▶ PROBLEM DETAILS
In full and without deviation, reproduce the records that follow.

▶ EXERCISE INPUTS
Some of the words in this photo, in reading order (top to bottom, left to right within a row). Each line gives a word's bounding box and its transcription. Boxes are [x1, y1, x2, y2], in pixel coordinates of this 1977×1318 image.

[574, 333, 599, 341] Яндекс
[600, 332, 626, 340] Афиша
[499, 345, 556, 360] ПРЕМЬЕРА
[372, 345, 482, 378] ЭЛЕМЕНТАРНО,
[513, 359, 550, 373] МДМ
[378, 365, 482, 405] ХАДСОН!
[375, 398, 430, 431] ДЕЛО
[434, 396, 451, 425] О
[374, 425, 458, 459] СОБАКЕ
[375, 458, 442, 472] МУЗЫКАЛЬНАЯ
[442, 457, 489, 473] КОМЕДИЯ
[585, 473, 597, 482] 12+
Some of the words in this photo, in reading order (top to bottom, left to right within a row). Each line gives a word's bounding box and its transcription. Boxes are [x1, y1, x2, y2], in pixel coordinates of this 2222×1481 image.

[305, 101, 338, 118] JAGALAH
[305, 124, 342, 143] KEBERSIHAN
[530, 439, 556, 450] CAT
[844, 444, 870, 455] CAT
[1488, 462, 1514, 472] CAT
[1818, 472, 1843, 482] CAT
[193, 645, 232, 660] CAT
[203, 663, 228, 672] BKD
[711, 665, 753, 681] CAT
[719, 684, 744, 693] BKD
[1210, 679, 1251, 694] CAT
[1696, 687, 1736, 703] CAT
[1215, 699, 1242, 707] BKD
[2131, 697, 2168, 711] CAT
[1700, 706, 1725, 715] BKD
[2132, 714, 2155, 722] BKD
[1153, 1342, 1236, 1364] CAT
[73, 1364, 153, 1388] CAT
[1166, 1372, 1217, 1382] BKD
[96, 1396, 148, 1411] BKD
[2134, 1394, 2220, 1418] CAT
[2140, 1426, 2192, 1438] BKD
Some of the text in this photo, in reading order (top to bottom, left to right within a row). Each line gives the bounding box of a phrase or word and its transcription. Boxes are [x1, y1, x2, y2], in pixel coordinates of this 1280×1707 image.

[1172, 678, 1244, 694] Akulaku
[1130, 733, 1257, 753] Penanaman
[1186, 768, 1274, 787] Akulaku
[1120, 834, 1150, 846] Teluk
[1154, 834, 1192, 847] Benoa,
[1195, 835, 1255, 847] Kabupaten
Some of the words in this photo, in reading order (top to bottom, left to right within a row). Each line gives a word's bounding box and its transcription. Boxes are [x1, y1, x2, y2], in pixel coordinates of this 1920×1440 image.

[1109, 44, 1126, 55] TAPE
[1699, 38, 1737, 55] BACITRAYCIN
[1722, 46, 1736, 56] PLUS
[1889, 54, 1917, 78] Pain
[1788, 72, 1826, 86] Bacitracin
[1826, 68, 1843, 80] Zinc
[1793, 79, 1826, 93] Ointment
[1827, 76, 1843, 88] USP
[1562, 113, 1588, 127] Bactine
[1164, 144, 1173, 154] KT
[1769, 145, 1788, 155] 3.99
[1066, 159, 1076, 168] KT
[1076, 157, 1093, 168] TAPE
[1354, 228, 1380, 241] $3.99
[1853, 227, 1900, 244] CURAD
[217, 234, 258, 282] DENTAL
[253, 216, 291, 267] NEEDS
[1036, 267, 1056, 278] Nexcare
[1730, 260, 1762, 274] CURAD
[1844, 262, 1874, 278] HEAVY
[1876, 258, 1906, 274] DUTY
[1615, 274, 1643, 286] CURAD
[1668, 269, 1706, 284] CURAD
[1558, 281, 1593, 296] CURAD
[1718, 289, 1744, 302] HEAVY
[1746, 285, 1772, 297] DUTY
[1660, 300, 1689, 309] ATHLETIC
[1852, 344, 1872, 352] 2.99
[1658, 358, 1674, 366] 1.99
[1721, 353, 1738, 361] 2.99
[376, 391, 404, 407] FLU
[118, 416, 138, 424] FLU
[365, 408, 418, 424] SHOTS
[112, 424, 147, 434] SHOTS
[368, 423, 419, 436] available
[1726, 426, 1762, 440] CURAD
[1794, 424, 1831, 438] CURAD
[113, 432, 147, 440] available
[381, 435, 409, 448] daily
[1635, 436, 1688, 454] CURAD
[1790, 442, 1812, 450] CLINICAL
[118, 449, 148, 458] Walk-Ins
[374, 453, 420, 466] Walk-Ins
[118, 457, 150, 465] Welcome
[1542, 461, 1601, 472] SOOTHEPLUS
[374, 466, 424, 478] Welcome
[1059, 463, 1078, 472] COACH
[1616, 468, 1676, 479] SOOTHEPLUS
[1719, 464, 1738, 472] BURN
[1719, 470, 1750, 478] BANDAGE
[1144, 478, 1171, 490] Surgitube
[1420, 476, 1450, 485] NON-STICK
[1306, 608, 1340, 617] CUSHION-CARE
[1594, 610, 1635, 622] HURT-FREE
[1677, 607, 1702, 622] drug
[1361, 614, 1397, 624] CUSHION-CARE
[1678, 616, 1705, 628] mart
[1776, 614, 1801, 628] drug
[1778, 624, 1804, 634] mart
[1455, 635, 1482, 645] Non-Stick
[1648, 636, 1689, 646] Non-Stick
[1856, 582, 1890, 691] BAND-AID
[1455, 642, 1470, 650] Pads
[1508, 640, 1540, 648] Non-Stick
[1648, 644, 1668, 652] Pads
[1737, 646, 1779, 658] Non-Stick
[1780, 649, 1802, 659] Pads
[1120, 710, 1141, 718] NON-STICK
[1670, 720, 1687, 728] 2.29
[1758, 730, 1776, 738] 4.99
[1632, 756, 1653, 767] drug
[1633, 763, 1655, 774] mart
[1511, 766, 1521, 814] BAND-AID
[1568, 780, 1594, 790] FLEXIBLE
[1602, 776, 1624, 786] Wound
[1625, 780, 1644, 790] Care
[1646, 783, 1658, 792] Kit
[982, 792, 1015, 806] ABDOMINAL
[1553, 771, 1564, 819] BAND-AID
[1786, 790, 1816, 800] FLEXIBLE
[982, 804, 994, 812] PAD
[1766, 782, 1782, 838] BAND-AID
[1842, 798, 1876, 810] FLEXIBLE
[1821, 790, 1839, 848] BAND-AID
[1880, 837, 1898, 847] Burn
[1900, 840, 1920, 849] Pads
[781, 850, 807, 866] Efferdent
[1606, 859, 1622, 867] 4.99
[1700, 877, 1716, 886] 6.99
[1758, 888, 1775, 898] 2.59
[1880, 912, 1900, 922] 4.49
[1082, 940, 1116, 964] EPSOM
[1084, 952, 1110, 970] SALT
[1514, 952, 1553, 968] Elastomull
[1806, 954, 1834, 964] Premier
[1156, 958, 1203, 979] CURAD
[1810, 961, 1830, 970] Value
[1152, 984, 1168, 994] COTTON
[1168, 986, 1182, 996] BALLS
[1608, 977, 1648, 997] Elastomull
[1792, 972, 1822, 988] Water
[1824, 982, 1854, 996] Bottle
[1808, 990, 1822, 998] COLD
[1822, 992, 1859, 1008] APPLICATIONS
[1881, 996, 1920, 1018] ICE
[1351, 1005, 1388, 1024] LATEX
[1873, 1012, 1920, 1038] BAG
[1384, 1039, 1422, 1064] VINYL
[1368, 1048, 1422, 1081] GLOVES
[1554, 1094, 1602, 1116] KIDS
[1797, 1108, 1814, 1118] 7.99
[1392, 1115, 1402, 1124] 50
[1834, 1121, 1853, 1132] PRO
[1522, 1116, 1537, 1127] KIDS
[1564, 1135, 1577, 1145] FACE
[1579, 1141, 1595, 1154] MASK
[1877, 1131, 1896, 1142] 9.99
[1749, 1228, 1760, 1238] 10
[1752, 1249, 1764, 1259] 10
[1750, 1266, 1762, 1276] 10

▶ WRITTEN SOLUTION
Some of the words in this photo, in reading order (top to bottom, left to right within a row). Each line gives a word's bounding box and its transcription. Boxes are [x1, y1, x2, y2], in pixel coordinates of this 1977×1318 image.

[574, 333, 599, 341] Яндекс
[600, 332, 626, 340] Афиша
[499, 345, 556, 360] ПРЕМЬЕРА
[372, 345, 482, 378] ЭЛЕМЕНТАРНО,
[513, 359, 550, 373] МДМ
[378, 365, 482, 405] ХАДСОН!
[375, 398, 430, 431] ДЕЛО
[434, 396, 451, 425] О
[374, 425, 458, 459] СОБАКЕ
[375, 458, 442, 472] МУЗЫКАЛЬНАЯ
[442, 457, 489, 473] КОМЕДИЯ
[585, 473, 597, 482] 12+
Some of the words in this photo, in reading order (top to bottom, left to right within a row). Each line gives a word's bounding box and its transcription. Boxes are [x1, y1, x2, y2], in pixel coordinates of this 2222×1481 image.

[305, 101, 338, 118] JAGALAH
[305, 124, 342, 143] KEBERSIHAN
[530, 439, 556, 450] CAT
[844, 444, 870, 455] CAT
[1488, 462, 1514, 472] CAT
[1818, 472, 1843, 482] CAT
[193, 645, 232, 660] CAT
[203, 663, 228, 672] BKD
[711, 665, 753, 681] CAT
[719, 684, 744, 693] BKD
[1210, 679, 1251, 694] CAT
[1696, 687, 1736, 703] CAT
[1215, 699, 1242, 707] BKD
[2131, 697, 2168, 711] CAT
[1700, 706, 1725, 715] BKD
[2132, 714, 2155, 722] BKD
[1153, 1342, 1236, 1364] CAT
[73, 1364, 153, 1388] CAT
[1166, 1372, 1217, 1382] BKD
[96, 1396, 148, 1411] BKD
[2134, 1394, 2220, 1418] CAT
[2140, 1426, 2192, 1438] BKD
Some of the text in this photo, in reading order (top to bottom, left to right within a row). Each line gives the bounding box of a phrase or word and its transcription. Boxes are [x1, y1, x2, y2], in pixel coordinates of this 1280×1707 image.

[1172, 678, 1244, 694] Akulaku
[1130, 733, 1257, 753] Penanaman
[1186, 768, 1274, 787] Akulaku
[1120, 834, 1150, 846] Teluk
[1154, 834, 1192, 847] Benoa,
[1195, 835, 1255, 847] Kabupaten
Some of the words in this photo, in reading order (top to bottom, left to right within a row). Each line gives a word's bounding box and its transcription. Boxes are [x1, y1, x2, y2], in pixel coordinates of this 1920×1440 image.

[1109, 44, 1126, 55] TAPE
[1699, 38, 1737, 55] BACITRAYCIN
[1722, 46, 1736, 56] PLUS
[1889, 54, 1917, 78] Pain
[1788, 72, 1826, 86] Bacitracin
[1826, 68, 1843, 80] Zinc
[1793, 79, 1826, 93] Ointment
[1827, 76, 1843, 88] USP
[1562, 113, 1588, 127] Bactine
[1164, 144, 1173, 154] KT
[1769, 145, 1788, 155] 3.99
[1066, 159, 1076, 168] KT
[1076, 157, 1093, 168] TAPE
[1354, 228, 1380, 241] $3.99
[1853, 227, 1900, 244] CURAD
[217, 234, 258, 282] DENTAL
[253, 216, 291, 267] NEEDS
[1036, 267, 1056, 278] Nexcare
[1730, 260, 1762, 274] CURAD
[1844, 262, 1874, 278] HEAVY
[1876, 258, 1906, 274] DUTY
[1615, 274, 1643, 286] CURAD
[1668, 269, 1706, 284] CURAD
[1558, 281, 1593, 296] CURAD
[1718, 289, 1744, 302] HEAVY
[1746, 285, 1772, 297] DUTY
[1660, 300, 1689, 309] ATHLETIC
[1852, 344, 1872, 352] 2.99
[1658, 358, 1674, 366] 1.99
[1721, 353, 1738, 361] 2.99
[376, 391, 404, 407] FLU
[118, 416, 138, 424] FLU
[365, 408, 418, 424] SHOTS
[112, 424, 147, 434] SHOTS
[368, 423, 419, 436] available
[1726, 426, 1762, 440] CURAD
[1794, 424, 1831, 438] CURAD
[113, 432, 147, 440] available
[381, 435, 409, 448] daily
[1635, 436, 1688, 454] CURAD
[1790, 442, 1812, 450] CLINICAL
[118, 449, 148, 458] Walk-Ins
[374, 453, 420, 466] Walk-Ins
[118, 457, 150, 465] Welcome
[1542, 461, 1601, 472] SOOTHEPLUS
[374, 466, 424, 478] Welcome
[1059, 463, 1078, 472] COACH
[1616, 468, 1676, 479] SOOTHEPLUS
[1719, 464, 1738, 472] BURN
[1719, 470, 1750, 478] BANDAGE
[1144, 478, 1171, 490] Surgitube
[1420, 476, 1450, 485] NON-STICK
[1306, 608, 1340, 617] CUSHION-CARE
[1594, 610, 1635, 622] HURT-FREE
[1677, 607, 1702, 622] drug
[1361, 614, 1397, 624] CUSHION-CARE
[1678, 616, 1705, 628] mart
[1776, 614, 1801, 628] drug
[1778, 624, 1804, 634] mart
[1455, 635, 1482, 645] Non-Stick
[1648, 636, 1689, 646] Non-Stick
[1856, 582, 1890, 691] BAND-AID
[1455, 642, 1470, 650] Pads
[1508, 640, 1540, 648] Non-Stick
[1648, 644, 1668, 652] Pads
[1737, 646, 1779, 658] Non-Stick
[1780, 649, 1802, 659] Pads
[1120, 710, 1141, 718] NON-STICK
[1670, 720, 1687, 728] 2.29
[1758, 730, 1776, 738] 4.99
[1632, 756, 1653, 767] drug
[1633, 763, 1655, 774] mart
[1511, 766, 1521, 814] BAND-AID
[1568, 780, 1594, 790] FLEXIBLE
[1602, 776, 1624, 786] Wound
[1625, 780, 1644, 790] Care
[1646, 783, 1658, 792] Kit
[982, 792, 1015, 806] ABDOMINAL
[1553, 771, 1564, 819] BAND-AID
[1786, 790, 1816, 800] FLEXIBLE
[982, 804, 994, 812] PAD
[1766, 782, 1782, 838] BAND-AID
[1842, 798, 1876, 810] FLEXIBLE
[1821, 790, 1839, 848] BAND-AID
[1880, 837, 1898, 847] Burn
[1900, 840, 1920, 849] Pads
[781, 850, 807, 866] Efferdent
[1606, 859, 1622, 867] 4.99
[1700, 877, 1716, 886] 6.99
[1758, 888, 1775, 898] 2.59
[1880, 912, 1900, 922] 4.49
[1082, 940, 1116, 964] EPSOM
[1084, 952, 1110, 970] SALT
[1514, 952, 1553, 968] Elastomull
[1806, 954, 1834, 964] Premier
[1156, 958, 1203, 979] CURAD
[1810, 961, 1830, 970] Value
[1152, 984, 1168, 994] COTTON
[1168, 986, 1182, 996] BALLS
[1608, 977, 1648, 997] Elastomull
[1792, 972, 1822, 988] Water
[1824, 982, 1854, 996] Bottle
[1808, 990, 1822, 998] COLD
[1822, 992, 1859, 1008] APPLICATIONS
[1881, 996, 1920, 1018] ICE
[1351, 1005, 1388, 1024] LATEX
[1873, 1012, 1920, 1038] BAG
[1384, 1039, 1422, 1064] VINYL
[1368, 1048, 1422, 1081] GLOVES
[1554, 1094, 1602, 1116] KIDS
[1797, 1108, 1814, 1118] 7.99
[1392, 1115, 1402, 1124] 50
[1834, 1121, 1853, 1132] PRO
[1522, 1116, 1537, 1127] KIDS
[1564, 1135, 1577, 1145] FACE
[1579, 1141, 1595, 1154] MASK
[1877, 1131, 1896, 1142] 9.99
[1749, 1228, 1760, 1238] 10
[1752, 1249, 1764, 1259] 10
[1750, 1266, 1762, 1276] 10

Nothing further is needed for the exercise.